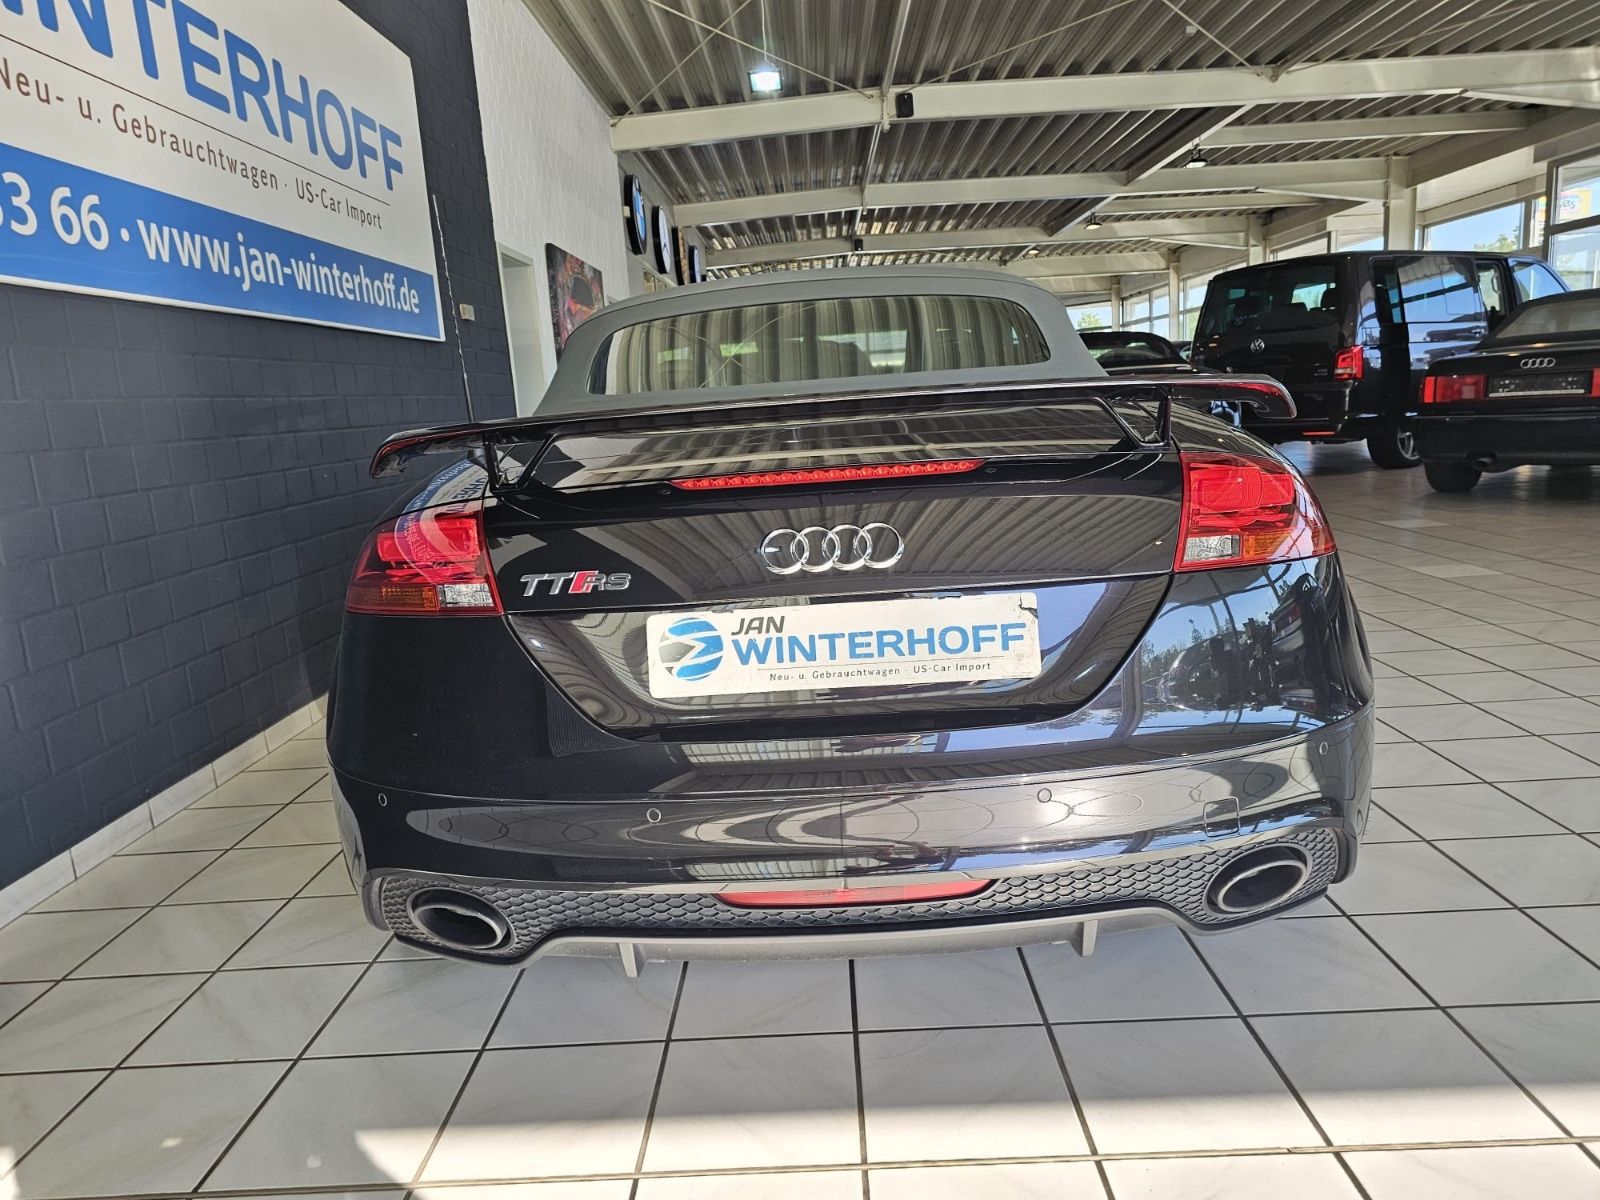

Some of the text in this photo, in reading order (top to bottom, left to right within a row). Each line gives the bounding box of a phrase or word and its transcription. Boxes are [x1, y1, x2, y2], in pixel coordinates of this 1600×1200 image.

[0, 0, 404, 192] TERHOFF
[78, 96, 102, 124] u.
[112, 103, 279, 191] Gebrauchtwagen
[295, 177, 342, 214] US-Car
[346, 198, 383, 230] Import
[0, 171, 421, 315] 3 66 www.jan-winterhoff.de
[731, 615, 786, 636] JAN
[731, 622, 1027, 666] WINTERHOFF
[769, 672, 795, 682] Neu-
[812, 667, 901, 680] Gebrauchtwagen
[913, 664, 951, 674] US-Car
[955, 662, 992, 673] Import
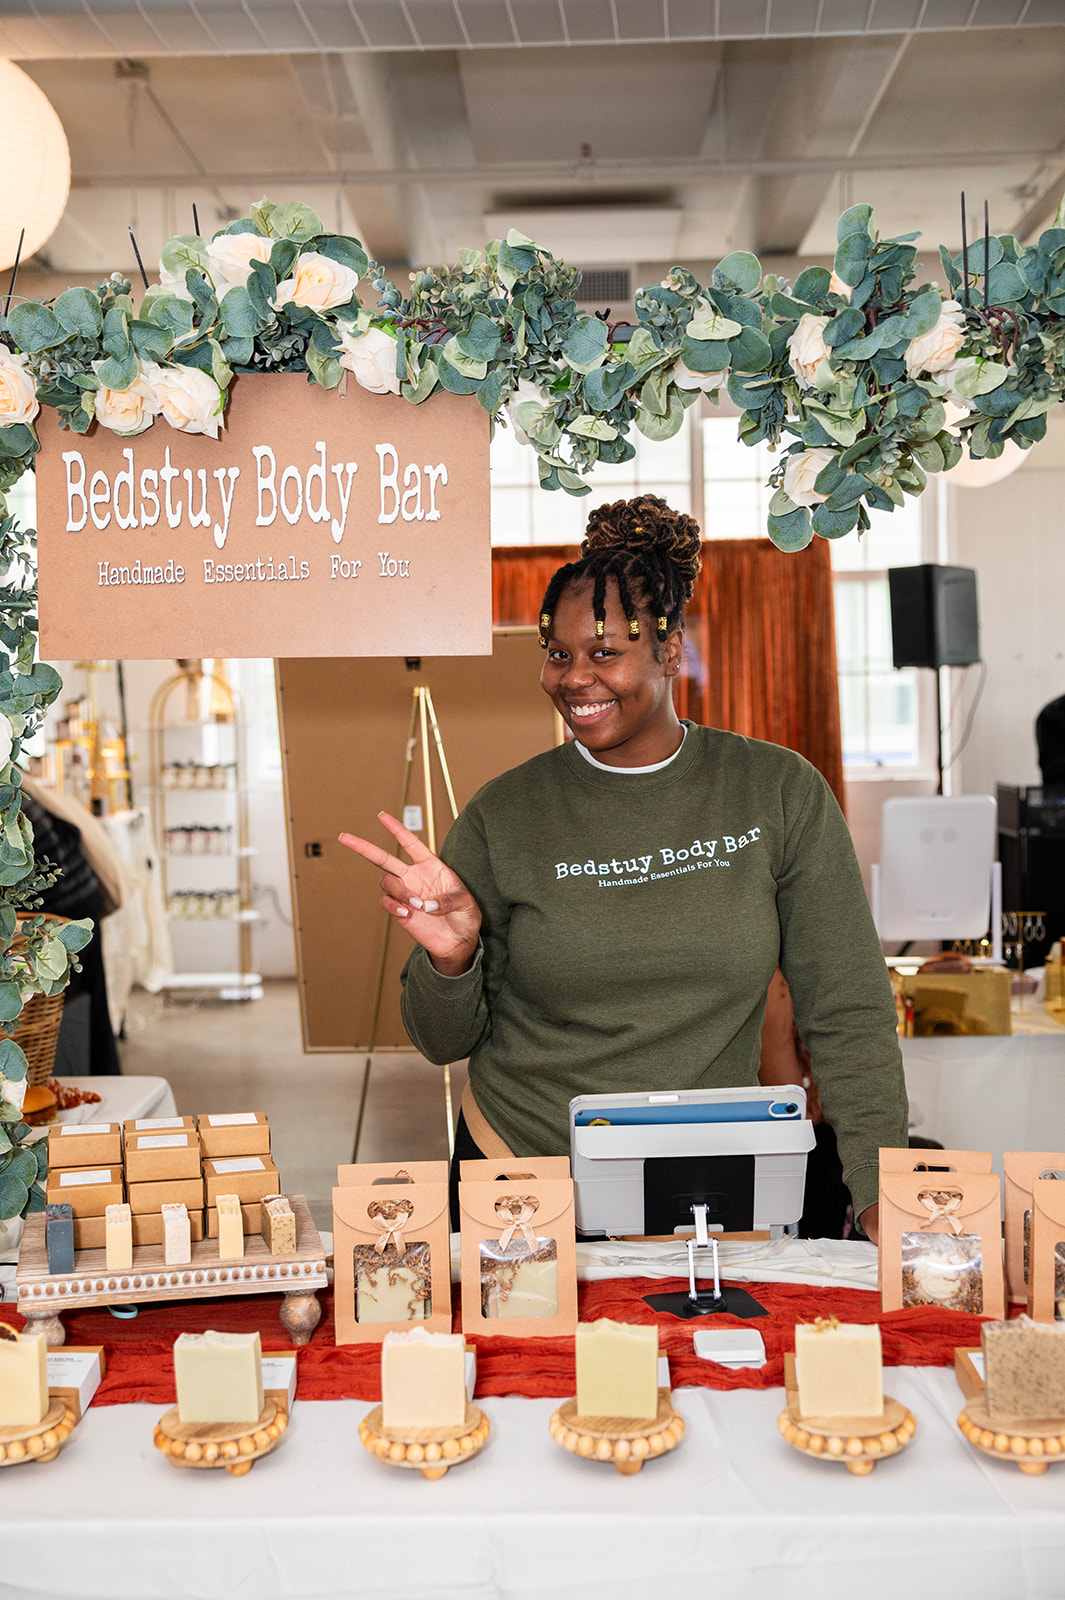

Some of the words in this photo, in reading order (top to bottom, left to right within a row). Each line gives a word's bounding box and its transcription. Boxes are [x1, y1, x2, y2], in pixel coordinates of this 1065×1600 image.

**WHAT THE EXERCISE ASKS**
Leave out the pictures and retype the rest of the entries exactly.

**ANSWER TO THIS EXERCISE**
Some of the text in this photo, in reading order (top to bottom, left to right within a row). Each line gives the bounding box of a phrase or word and its transcription. Boxes are [x1, y1, x2, y2], in pixel coordinates of this 1600×1200 image.

[0, 0, 404, 192] TERHOFF
[78, 96, 102, 124] u.
[112, 103, 279, 191] Gebrauchtwagen
[295, 177, 342, 214] US-Car
[346, 198, 383, 230] Import
[0, 171, 421, 315] 3 66 www.jan-winterhoff.de
[731, 615, 786, 636] JAN
[731, 622, 1027, 666] WINTERHOFF
[769, 672, 795, 682] Neu-
[812, 667, 901, 680] Gebrauchtwagen
[913, 664, 951, 674] US-Car
[955, 662, 992, 673] Import

Some of the words in this photo, in reading order (top to bottom, left to right within a row). Each line gives a word's bounding box and its transcription. Boxes are [x1, y1, x2, y2], in pixel coordinates of this 1065×1600 image.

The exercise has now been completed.